Companhia Paulista de Trens Metropolitanos (CPTM) () is a rapid transit and commuter rail company owned by the São Paulo State Department for Metropolitan Transports. It was created on May 28, 1992, from several railroads that already existed in Greater São Paulo, Brazil.

Part of the Greater São Paulo rail network, CPTM has 57 stations in five lines, with a total length of . The system carries about 2 million passengers a day. On December 7, 2018, CPTM set a weekday ridership record with 3,221,035 trips.

History
Most of railways now run by CPTM were built between 1860 and 1957 by the São Paulo Railway (lines 7 and 10), Estrada de Ferro Sorocabana (lines 8 and 9) and Estrada de Ferro Central do Brasil (lines 11 and 12). These railways were eventually incorporated into the state-owned Rede Ferroviária Federal (RFFSA) in 1957 and Ferrovia Paulista S.A. (FEPASA) 1971. Finally, in 1992 the urban sections of RFFSA and FEPASA merged, forming CPTM.

Between the end of the 1990s and the early 2000s, CPTM began the conversion of some metropolitan lines to provide a service similar to rapid transit and better integrate with the São Paulo Metro. Most of the stations where either rebuilt or modernized and new trains were purchased allowing the headway of lines to be as low as four minutes in some lines. This experience started in Line E in the year 2000, in the stretch known as "East Express", serving the east end of São Paulo City and running parallel to Line 3 - Red.

The proposed Trens Intercidades regional railway project is considering using Line 7 tracks for providing service to neighboring cities of Jundiaí, Campinas and Americana.

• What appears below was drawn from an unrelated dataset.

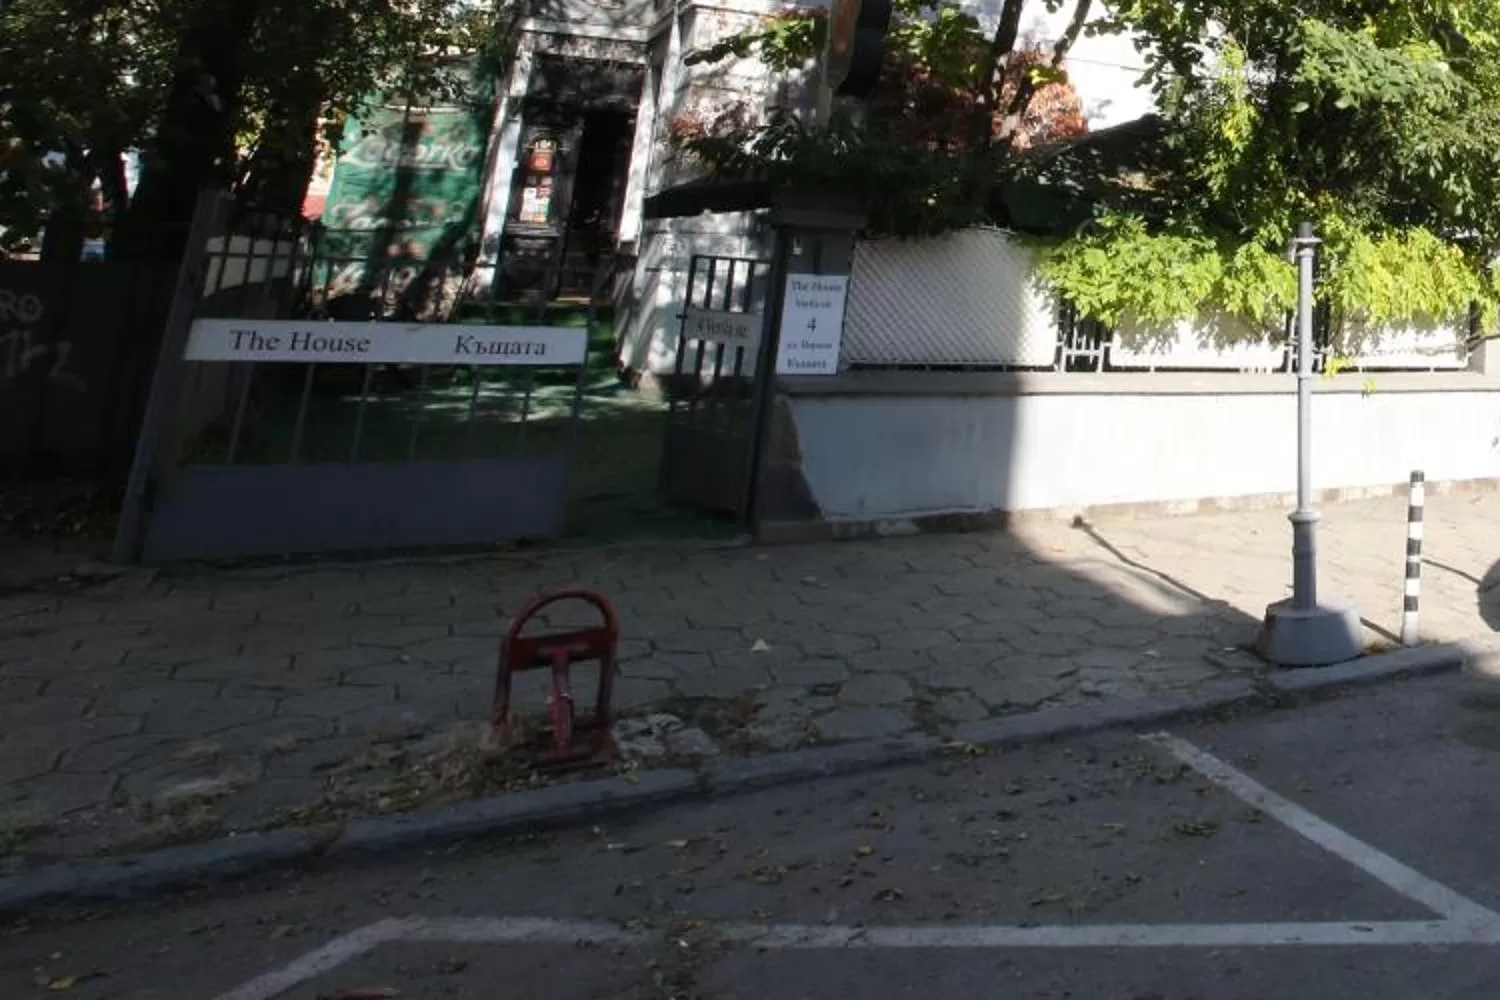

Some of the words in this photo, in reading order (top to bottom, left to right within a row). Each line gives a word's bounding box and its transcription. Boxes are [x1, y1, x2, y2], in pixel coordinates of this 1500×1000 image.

In 2018, CPTM opened Line 13, the first line completely built and operated by the company. This line connects Line 12 to the São Paulo–Guarulhos International Airport, with a special Express service connecting it to the central Luz station, and another service connecting it to the Brás station, both only operating on a specific schedule.

Operation
CPTM operates five lines in the Greater São Paulo area, identified by number and color. Most of these lines run on existing surface tracks that continue out of Greater São Paulo as MRS Logística intercity freight lines and share right of way with freight trains. The more lightly used outer sections of several lines have level crossings.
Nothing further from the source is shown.